# REQUIRED ACTION
Please reproduce the entries below exactly, omitting any images they contain.

Recorded data:
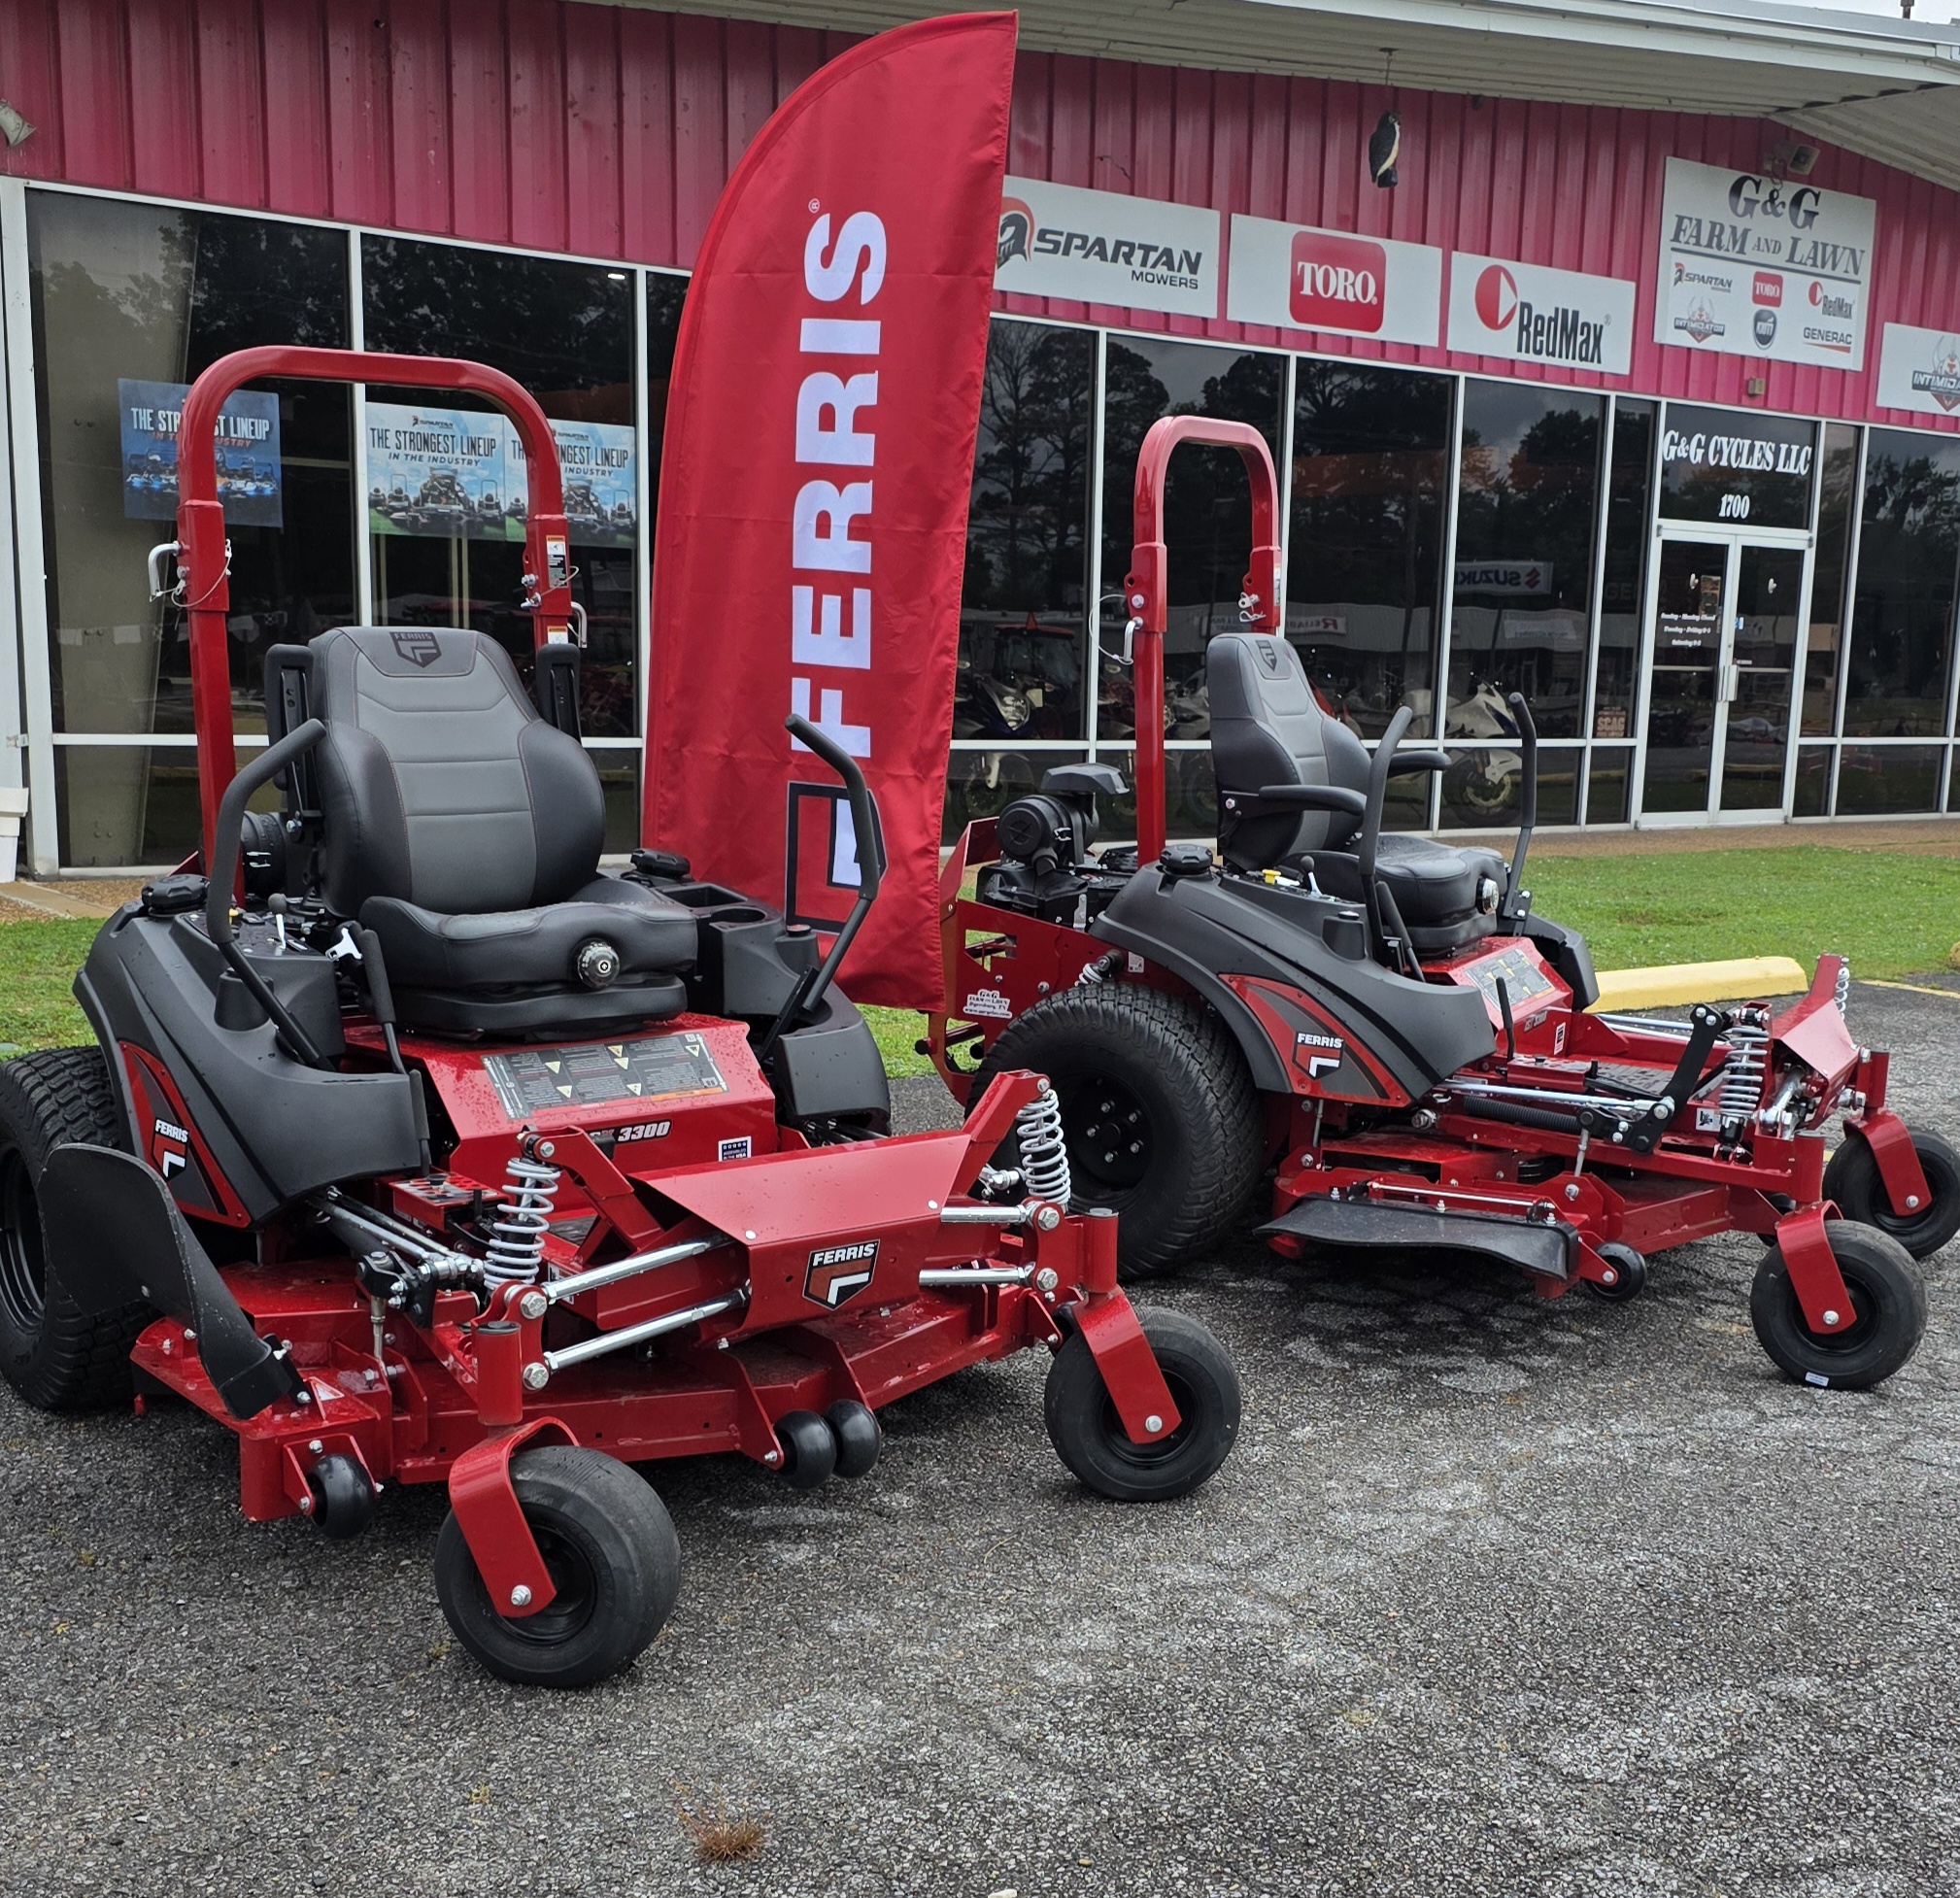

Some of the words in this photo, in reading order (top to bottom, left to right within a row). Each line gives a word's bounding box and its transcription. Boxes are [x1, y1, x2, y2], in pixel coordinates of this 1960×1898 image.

[1728, 175, 1822, 230] G&G
[1032, 228, 1202, 276] SPARTAN
[1670, 214, 1752, 255] FARM
[1752, 236, 1781, 254] AND
[1784, 236, 1865, 276] LAWN
[1131, 270, 1200, 289] MOWERS
[1297, 260, 1377, 304] TORO
[1683, 272, 1733, 288] SPARTAN
[1755, 281, 1780, 298] TORO
[1516, 301, 1603, 364] RedMax
[1803, 326, 1853, 345] GENERAC
[130, 407, 154, 430] THE
[157, 409, 225, 437] STRST
[229, 416, 270, 440] LINEUP
[370, 427, 390, 450] THE
[394, 429, 456, 455] STRONGEST
[460, 434, 496, 458] LINEUP
[1663, 429, 1706, 465] G&G
[1707, 434, 1775, 471] CYCLES
[1775, 443, 1812, 476] LLC
[389, 452, 400, 460] IN
[404, 453, 423, 462] THE
[427, 455, 481, 466] INDUSTRY
[594, 446, 628, 468] LINEUP
[564, 465, 614, 477] INDUSTRY
[790, 211, 887, 759] FERRIS
[1718, 493, 1750, 519] 1700
[1297, 1033, 1342, 1049] FERRIS
[155, 1118, 189, 1143] FERRIS
[617, 1121, 671, 1142] 3300
[812, 1242, 876, 1267] FERRIS
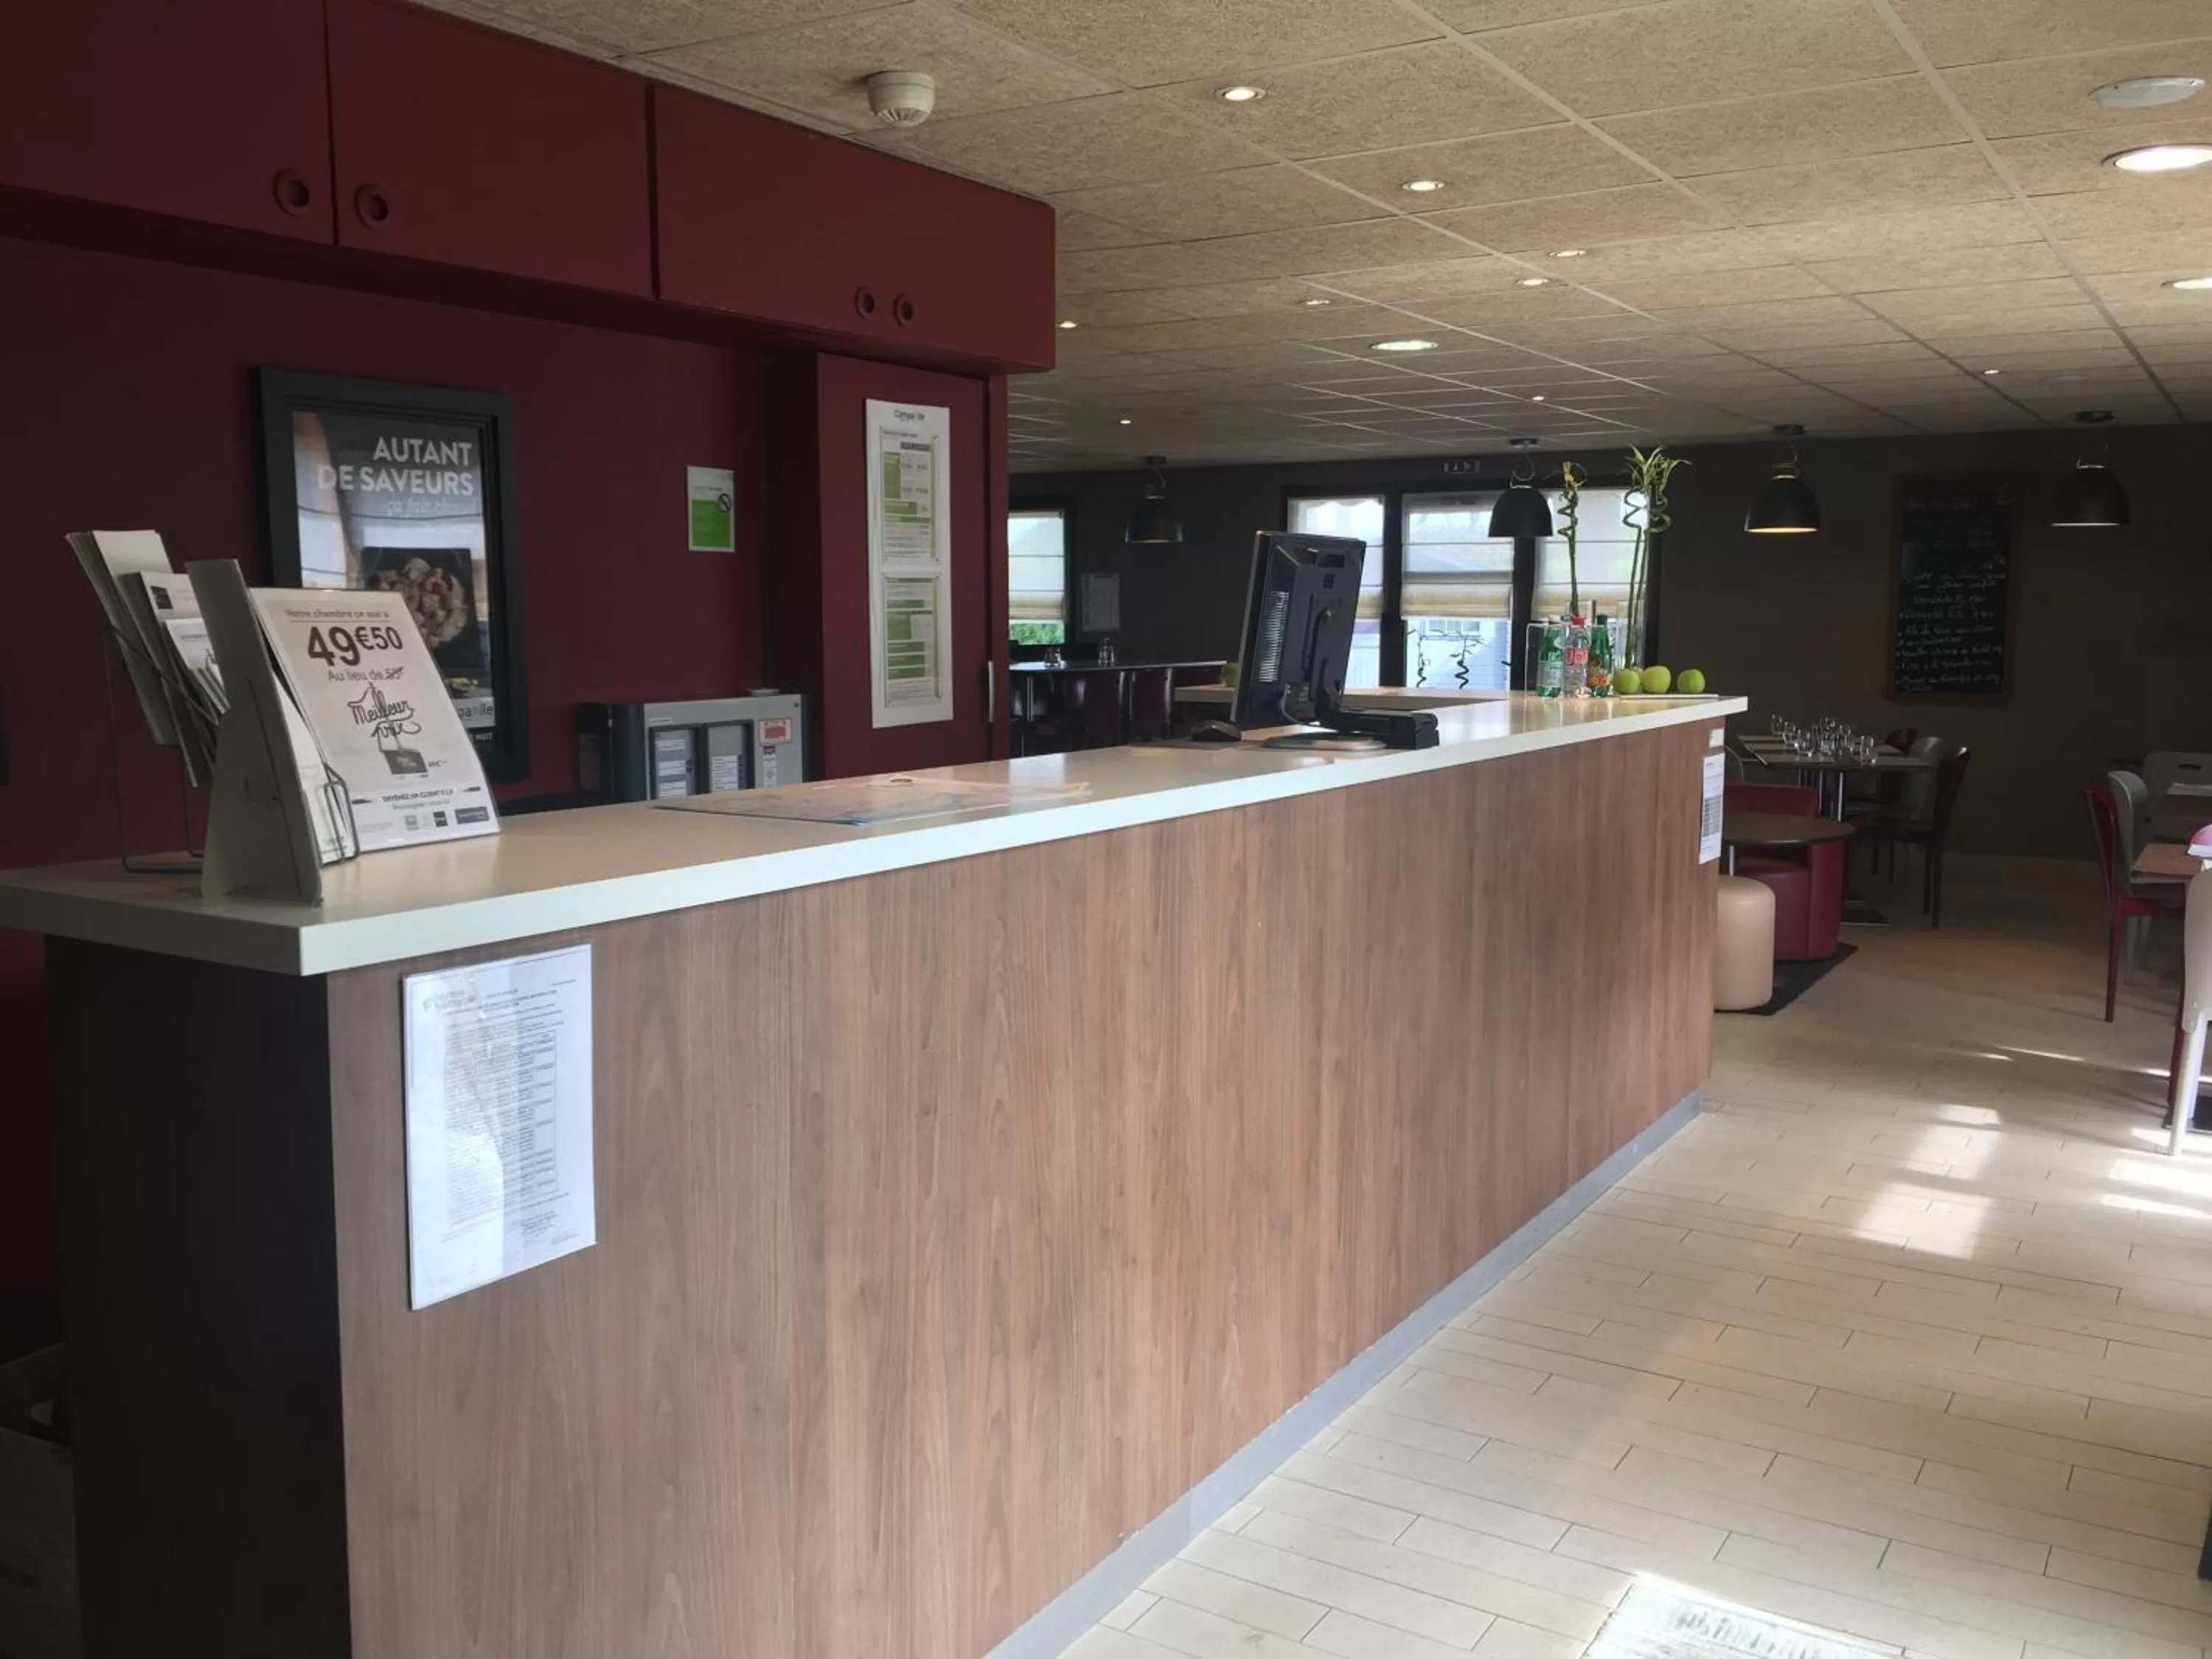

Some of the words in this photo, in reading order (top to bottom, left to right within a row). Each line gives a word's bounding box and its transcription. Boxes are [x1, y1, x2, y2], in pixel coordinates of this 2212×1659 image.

# TASK RESULT
Some of the words in this photo, in reading order (top to bottom, left to right within a row). Each line gives a word's bounding box and its transcription. Boxes are [x1, y1, x2, y2], in pixel coordinates of this 1960×1898 image.

[1728, 175, 1822, 230] G&G
[1032, 228, 1202, 276] SPARTAN
[1670, 214, 1752, 255] FARM
[1752, 236, 1781, 254] AND
[1784, 236, 1865, 276] LAWN
[1131, 270, 1200, 289] MOWERS
[1297, 260, 1377, 304] TORO
[1683, 272, 1733, 288] SPARTAN
[1755, 281, 1780, 298] TORO
[1516, 301, 1603, 364] RedMax
[1803, 326, 1853, 345] GENERAC
[130, 407, 154, 430] THE
[157, 409, 225, 437] STRST
[229, 416, 270, 440] LINEUP
[370, 427, 390, 450] THE
[394, 429, 456, 455] STRONGEST
[460, 434, 496, 458] LINEUP
[1663, 429, 1706, 465] G&G
[1707, 434, 1775, 471] CYCLES
[1775, 443, 1812, 476] LLC
[389, 452, 400, 460] IN
[404, 453, 423, 462] THE
[427, 455, 481, 466] INDUSTRY
[594, 446, 628, 468] LINEUP
[564, 465, 614, 477] INDUSTRY
[790, 211, 887, 759] FERRIS
[1718, 493, 1750, 519] 1700
[1297, 1033, 1342, 1049] FERRIS
[155, 1118, 189, 1143] FERRIS
[617, 1121, 671, 1142] 3300
[812, 1242, 876, 1267] FERRIS

Some of the words in this photo, in reading order (top to bottom, left to right within a row). Each line gives a word's bounding box and its transcription. Boxes are [x1, y1, x2, y2], in pixel coordinates of this 2212×1659 image.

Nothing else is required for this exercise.